> [Exercise objective]: Print the entries that appear below, exactly as written and without their pictures.

START Data section

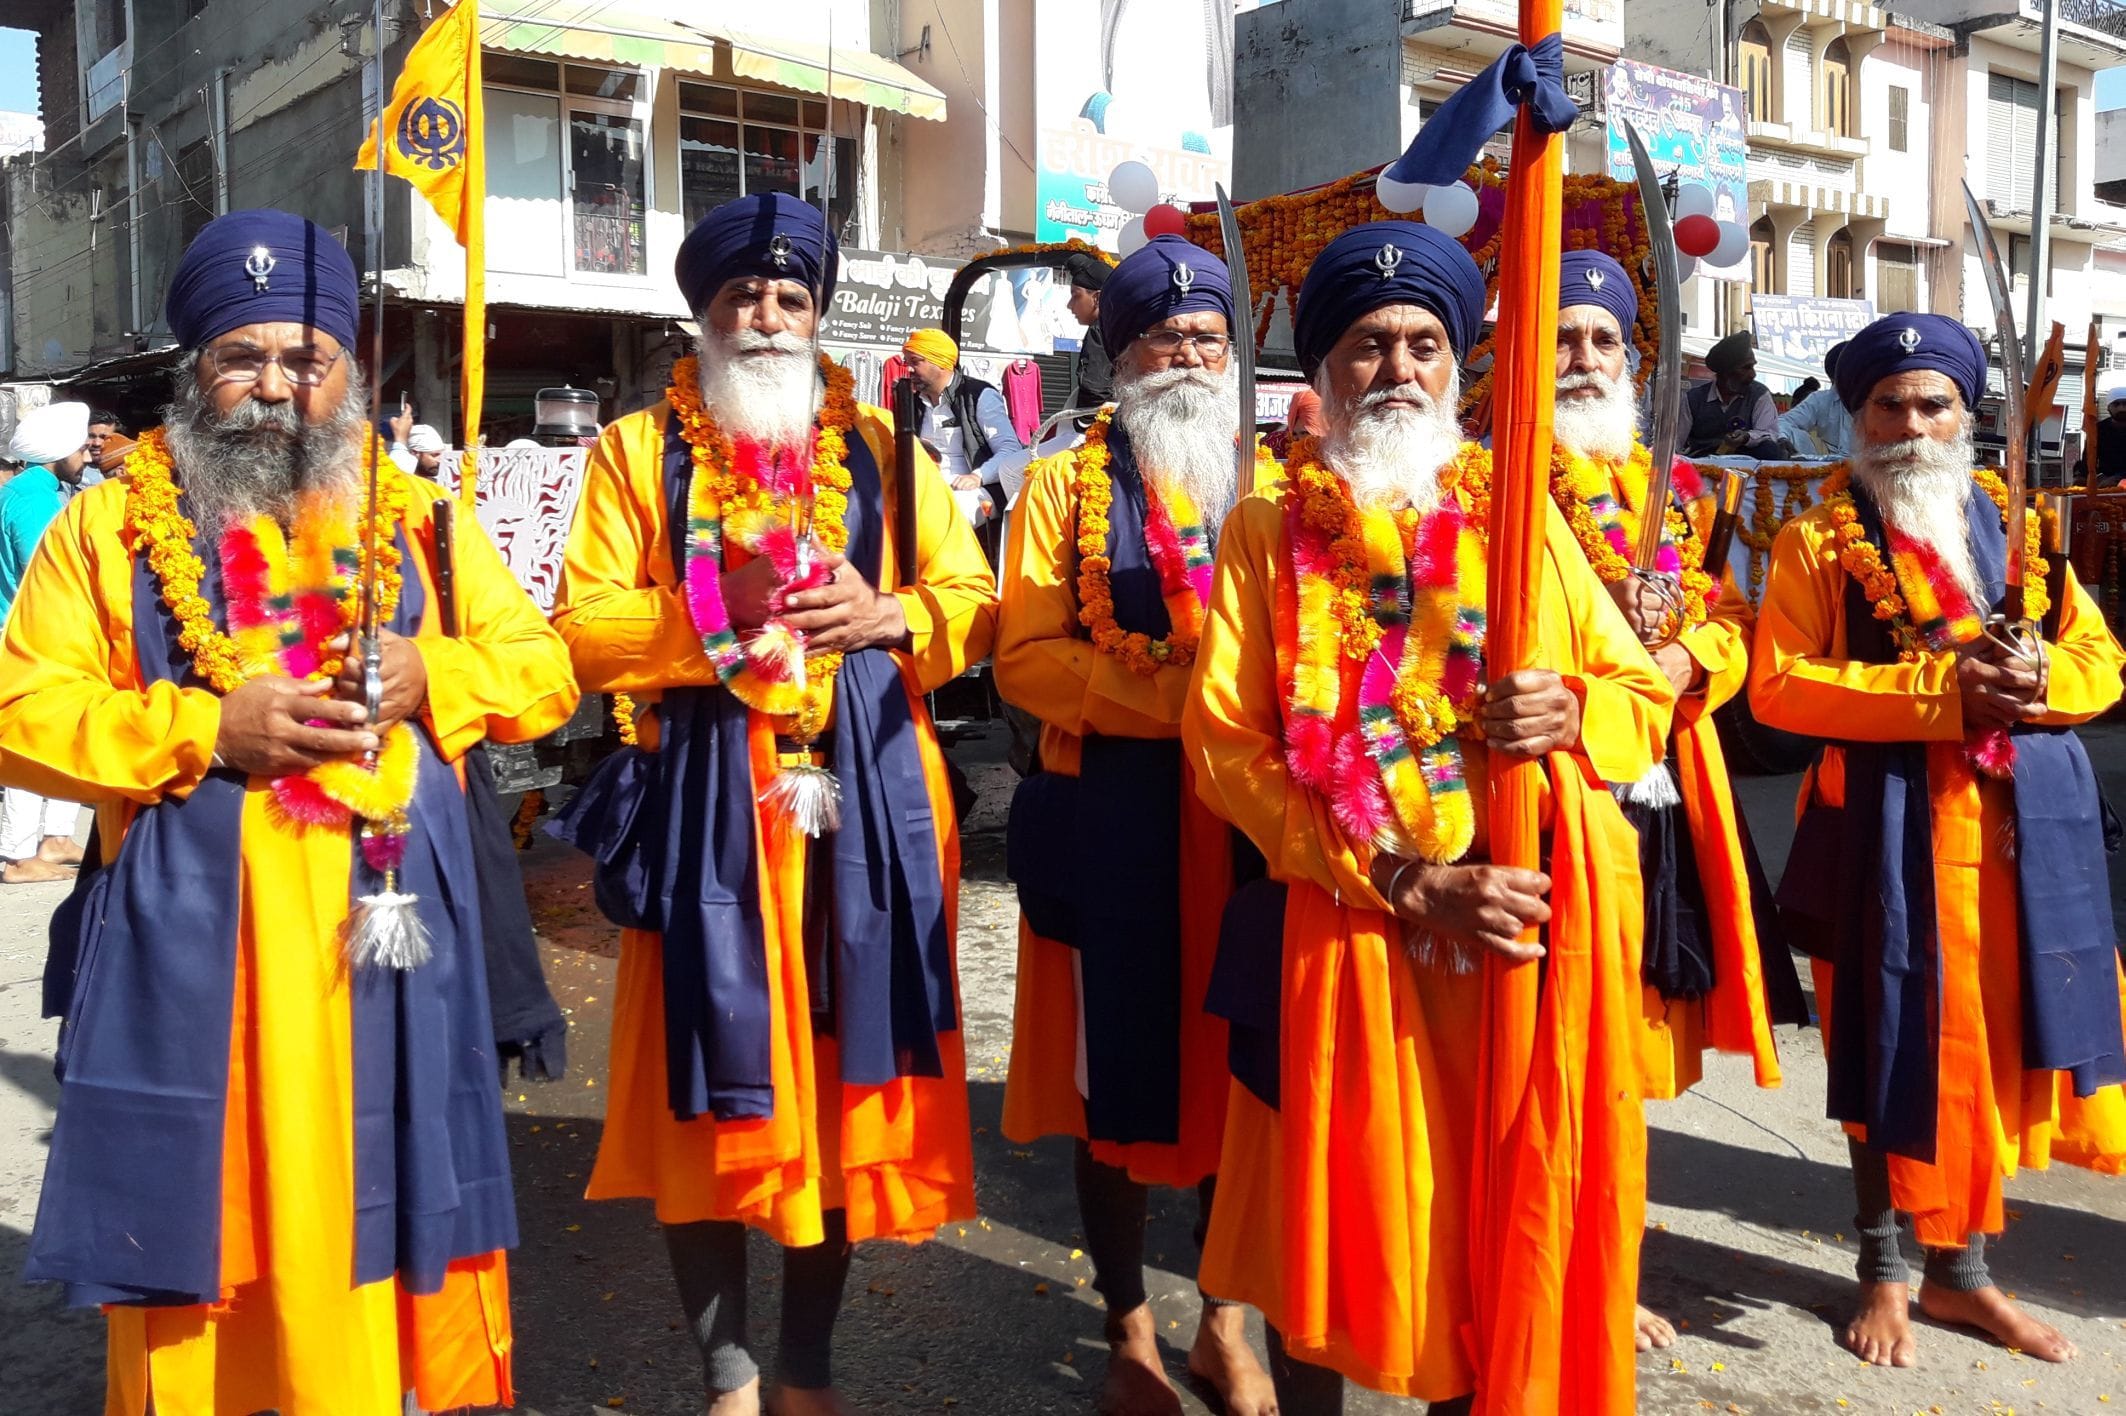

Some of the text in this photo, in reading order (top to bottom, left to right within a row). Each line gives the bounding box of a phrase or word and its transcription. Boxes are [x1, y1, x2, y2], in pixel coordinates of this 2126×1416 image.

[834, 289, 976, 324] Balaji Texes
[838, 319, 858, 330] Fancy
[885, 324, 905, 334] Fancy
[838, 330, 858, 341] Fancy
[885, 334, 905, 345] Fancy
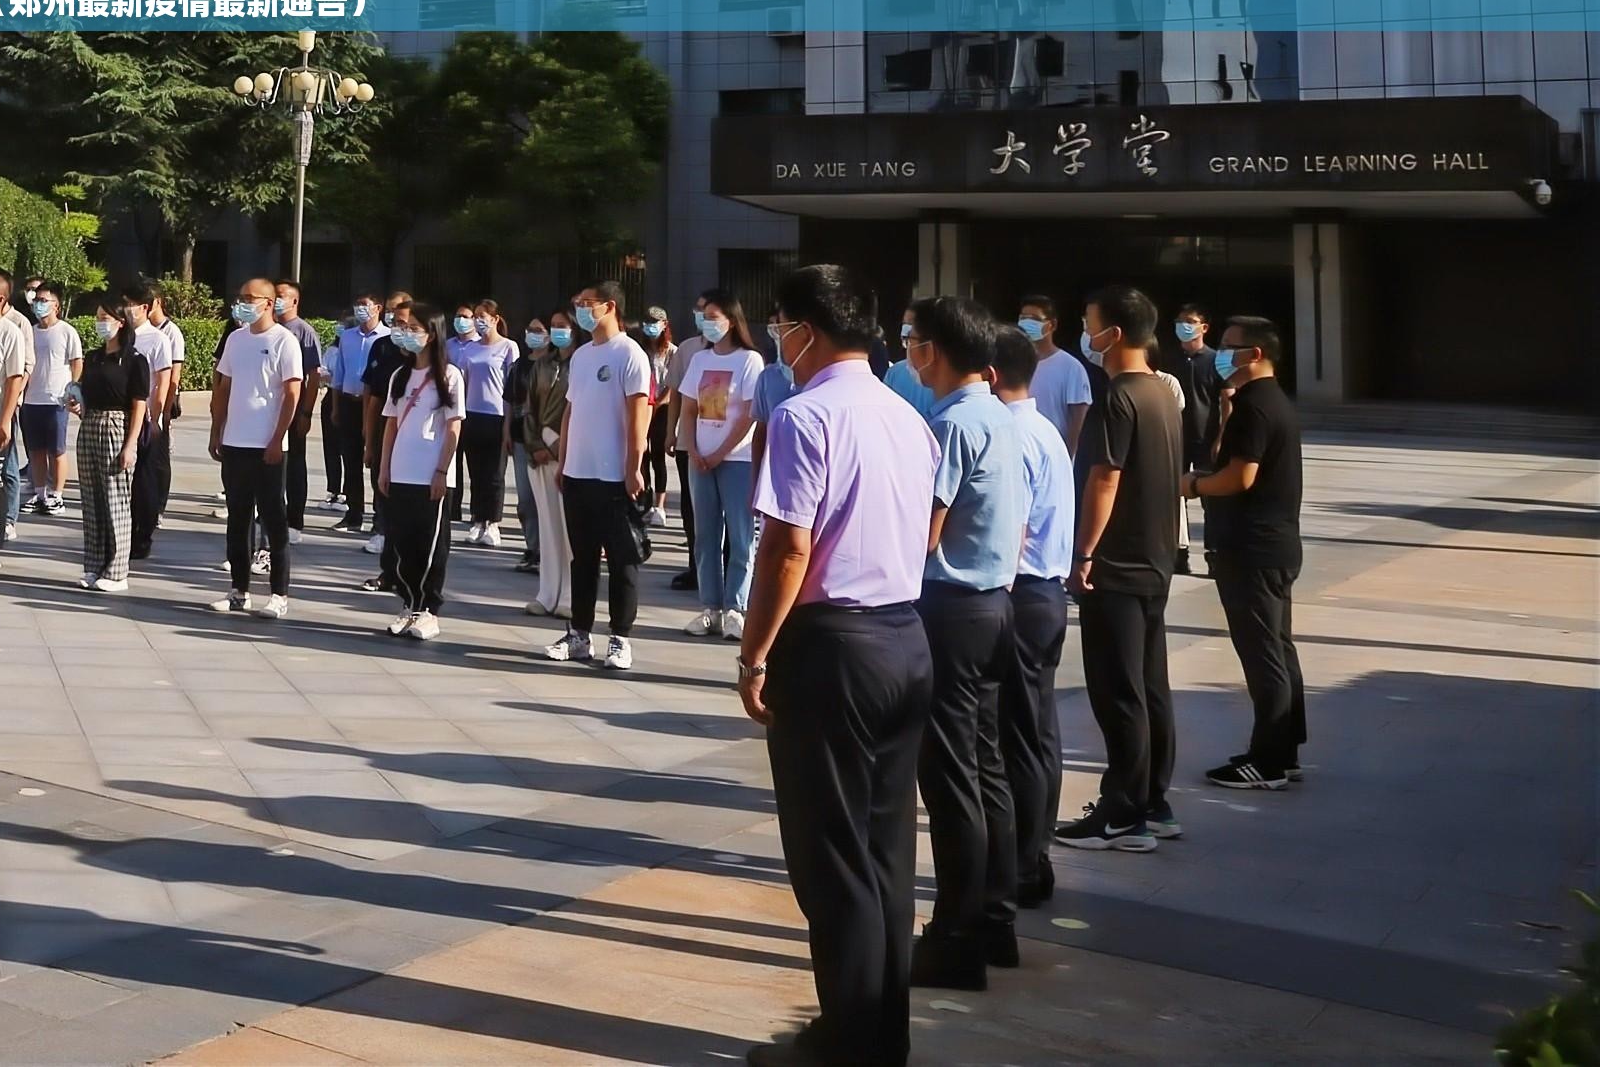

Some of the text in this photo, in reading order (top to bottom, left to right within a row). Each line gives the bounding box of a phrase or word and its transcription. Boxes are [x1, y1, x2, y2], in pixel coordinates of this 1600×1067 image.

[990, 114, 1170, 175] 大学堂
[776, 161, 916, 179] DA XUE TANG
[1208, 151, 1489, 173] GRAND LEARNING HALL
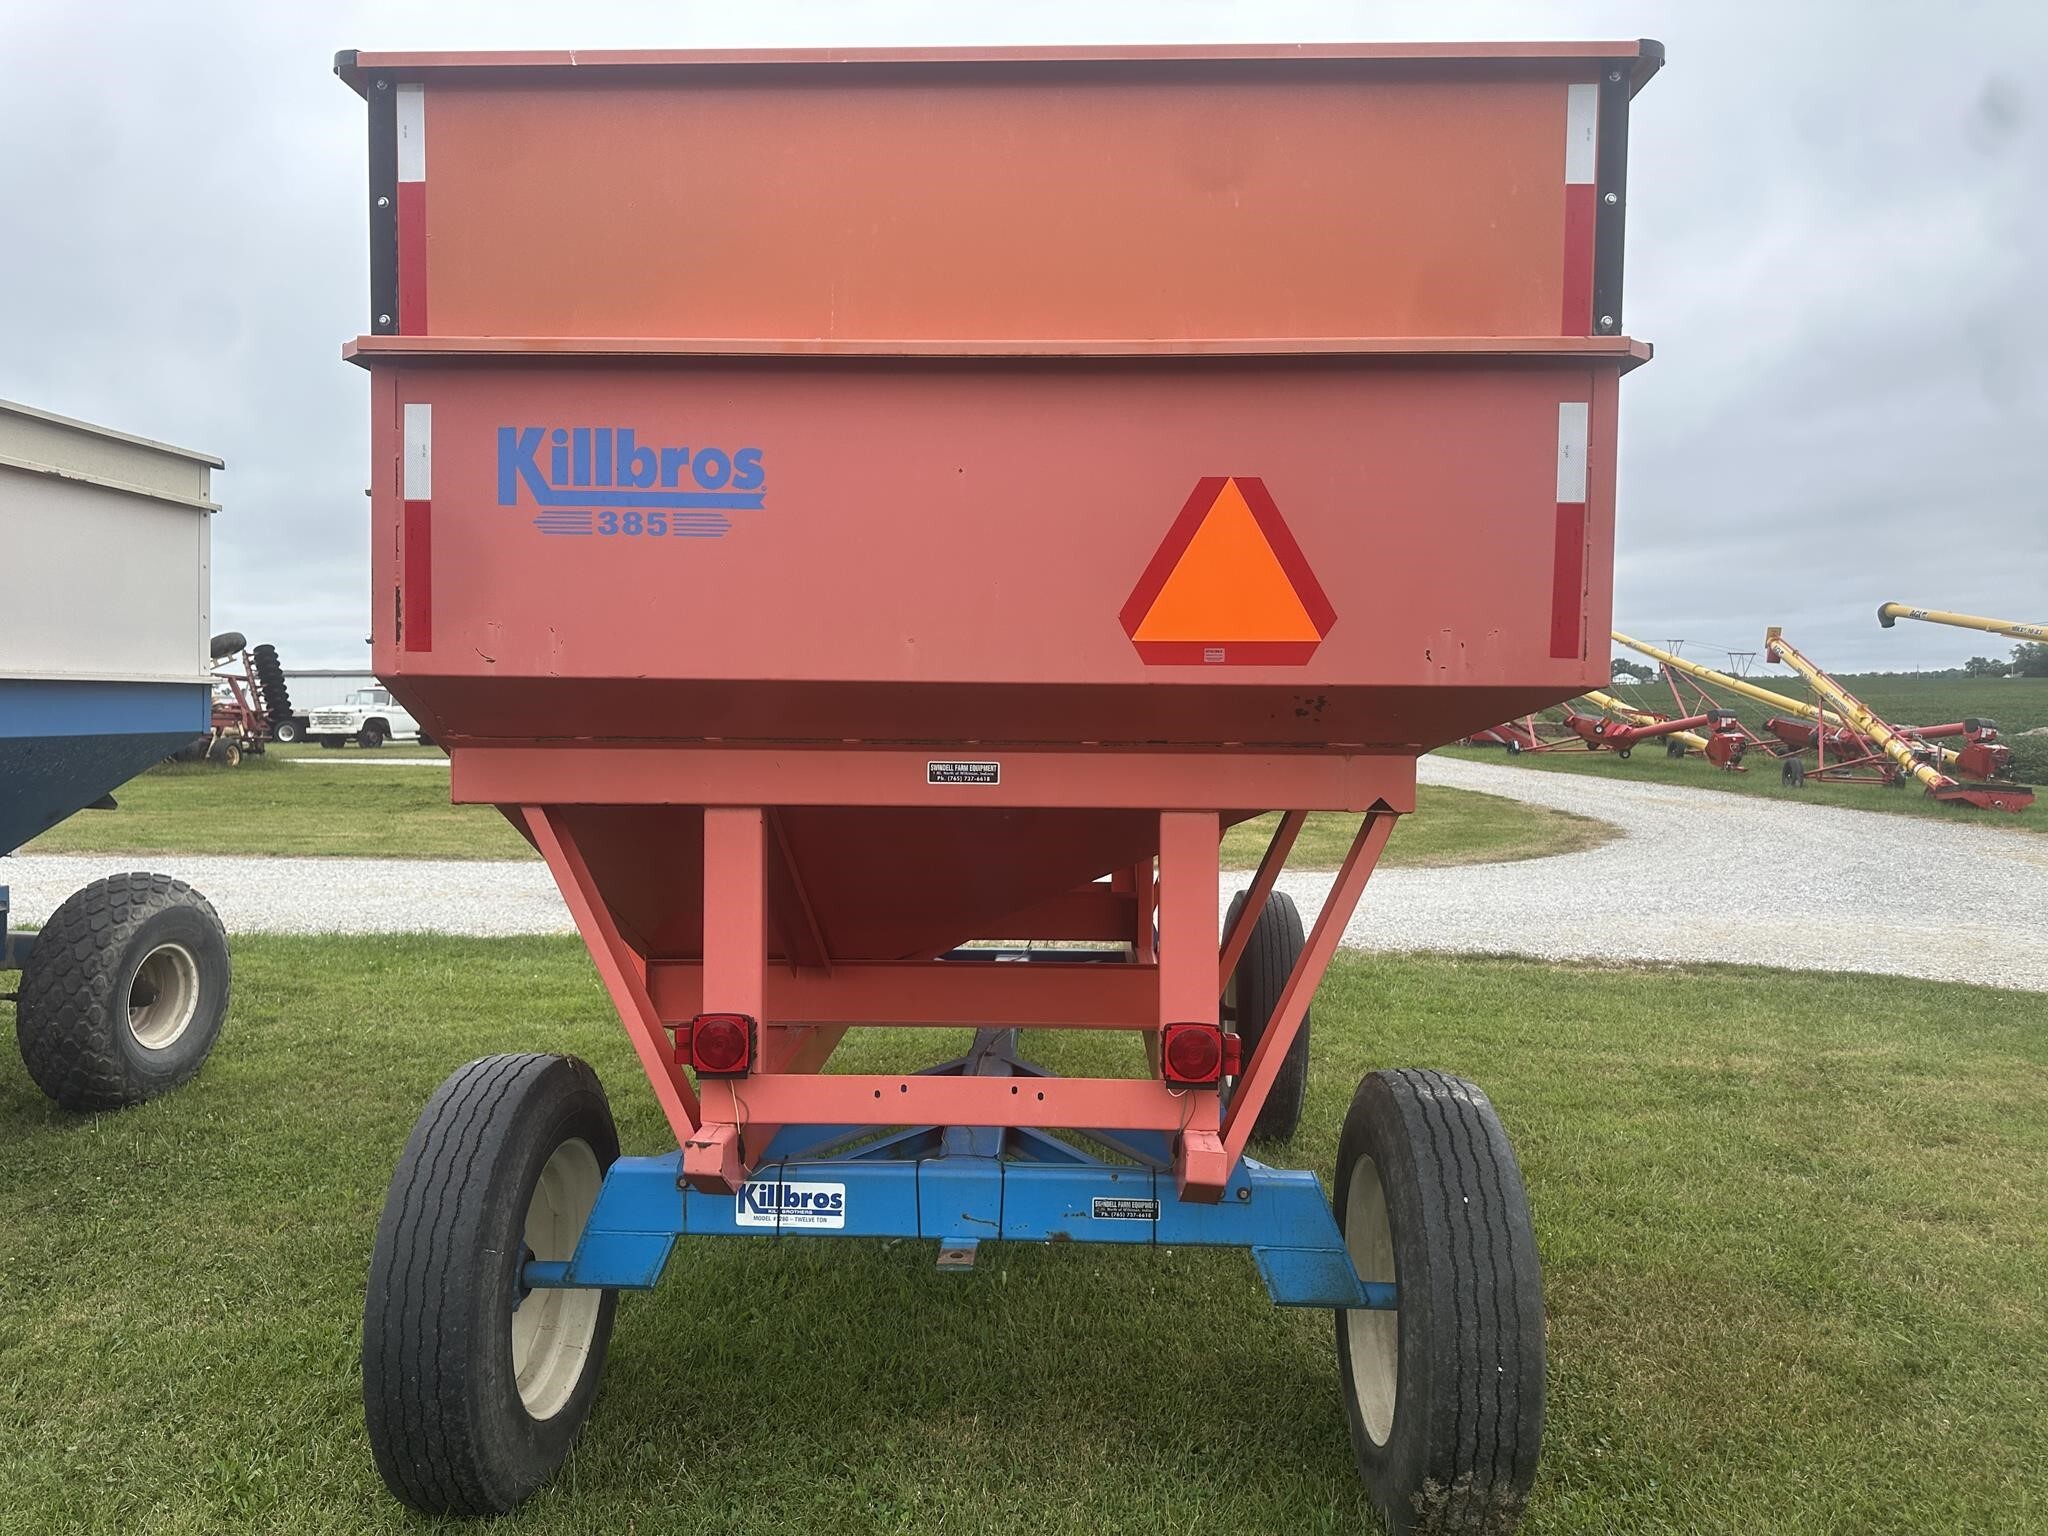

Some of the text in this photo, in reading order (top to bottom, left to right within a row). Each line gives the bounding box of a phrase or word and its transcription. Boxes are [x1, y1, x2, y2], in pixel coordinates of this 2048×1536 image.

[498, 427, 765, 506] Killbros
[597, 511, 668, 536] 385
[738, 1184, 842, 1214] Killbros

END Data section

> [Written response]:
Some of the text in this photo, in reading order (top to bottom, left to right within a row). Each line gives the bounding box of a phrase or word and its transcription. Boxes are [x1, y1, x2, y2], in pixel coordinates of this 2126×1416 image.

[834, 289, 976, 324] Balaji Texes
[838, 319, 858, 330] Fancy
[885, 324, 905, 334] Fancy
[838, 330, 858, 341] Fancy
[885, 334, 905, 345] Fancy

Some of the text in this photo, in reading order (top to bottom, left to right within a row). Each line gives the bounding box of a phrase or word and its transcription. Boxes are [x1, y1, x2, y2], in pixel coordinates of this 1600×1067 image.

[990, 114, 1170, 175] 大学堂
[776, 161, 916, 179] DA XUE TANG
[1208, 151, 1489, 173] GRAND LEARNING HALL

Some of the text in this photo, in reading order (top to bottom, left to right within a row). Each line gives the bounding box of a phrase or word and its transcription. Boxes are [x1, y1, x2, y2], in pixel coordinates of this 2048×1536 image.

[498, 427, 765, 506] Killbros
[597, 511, 668, 536] 385
[738, 1184, 842, 1214] Killbros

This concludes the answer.